▸ YOUR INSTRUCTIONS:
Could you return every record below word for word, leaving out the pictures?

[Stored records]
Start of Block

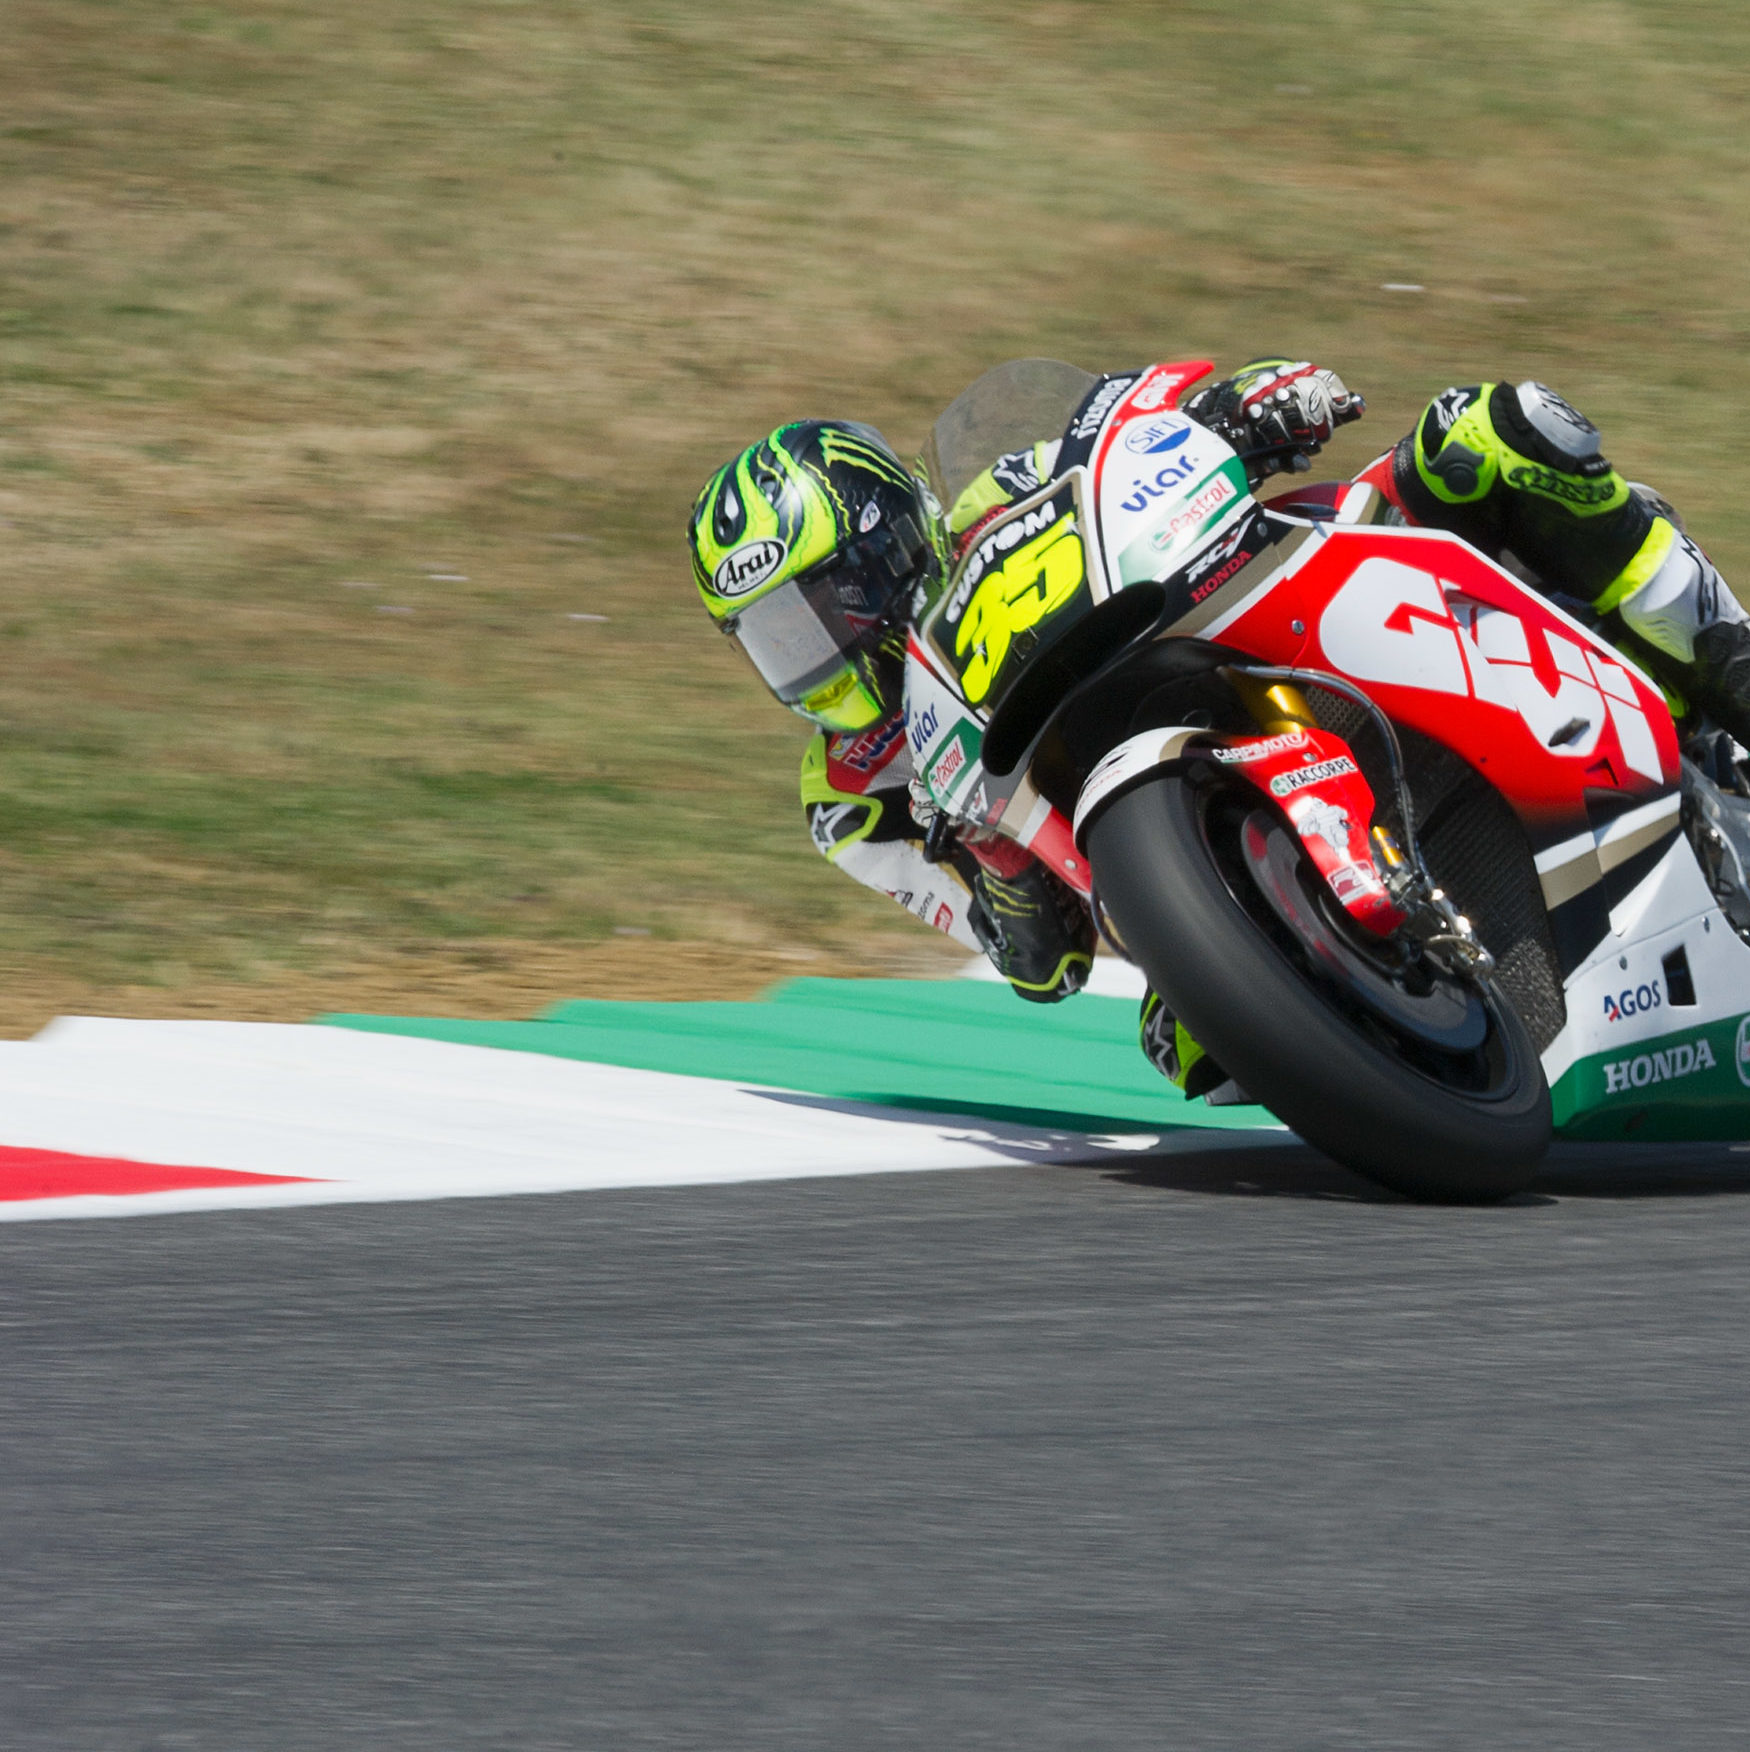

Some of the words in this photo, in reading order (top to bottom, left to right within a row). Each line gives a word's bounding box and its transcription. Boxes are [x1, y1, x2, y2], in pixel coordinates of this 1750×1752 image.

[1070, 378, 1133, 440] rizoma
[1129, 420, 1179, 450] SIFI
[1120, 454, 1196, 512] viar
[1169, 479, 1232, 534] Castrol
[719, 541, 774, 595] Arai
[945, 500, 1057, 624] CUSTOM
[1190, 550, 1253, 604] HONDA
[955, 510, 1084, 704] 35
[911, 702, 939, 753] viar
[936, 741, 964, 788] Castrol
[1288, 756, 1357, 789] RACCORPE
[1603, 979, 1662, 1022] AGOS
[1602, 1038, 1717, 1094] HONDA
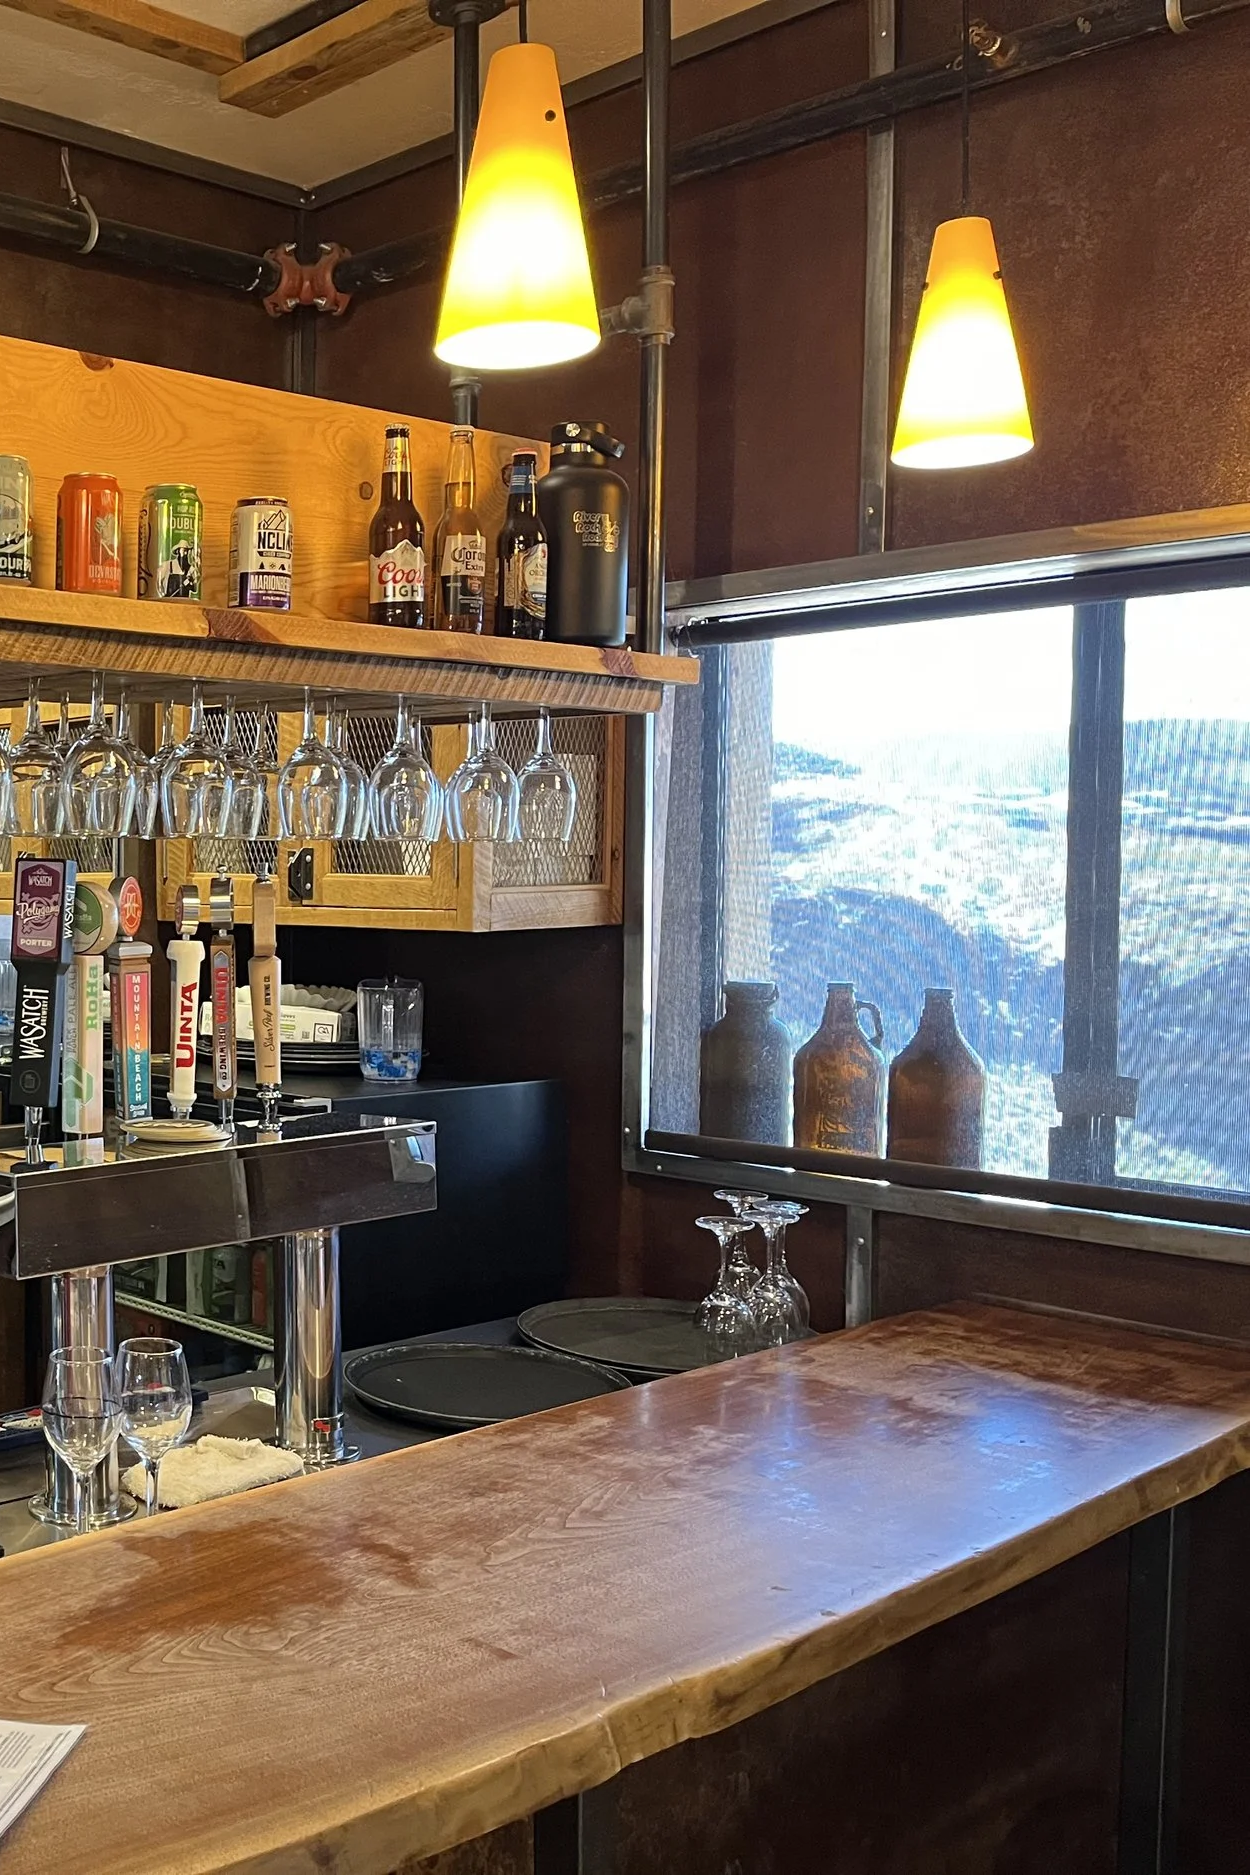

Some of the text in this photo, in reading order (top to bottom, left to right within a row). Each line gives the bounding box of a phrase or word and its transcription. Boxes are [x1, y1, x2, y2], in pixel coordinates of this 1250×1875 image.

End of Block

▸ RESPONSE TO THIS TASK:
Some of the words in this photo, in reading order (top to bottom, left to right within a row). Each line gives a word's bounding box and its transcription. Boxes are [x1, y1, x2, y2], in pixel coordinates of this 1750×1752 image.

[1070, 378, 1133, 440] rizoma
[1129, 420, 1179, 450] SIFI
[1120, 454, 1196, 512] viar
[1169, 479, 1232, 534] Castrol
[719, 541, 774, 595] Arai
[945, 500, 1057, 624] CUSTOM
[1190, 550, 1253, 604] HONDA
[955, 510, 1084, 704] 35
[911, 702, 939, 753] viar
[936, 741, 964, 788] Castrol
[1288, 756, 1357, 789] RACCORPE
[1603, 979, 1662, 1022] AGOS
[1602, 1038, 1717, 1094] HONDA

Some of the text in this photo, in reading order (top to bottom, left to right within a row). Each line gives the bounding box of a phrase or word and its transcription. Boxes are [x1, y1, x2, y2], in pixel coordinates of this 1250×1875 image.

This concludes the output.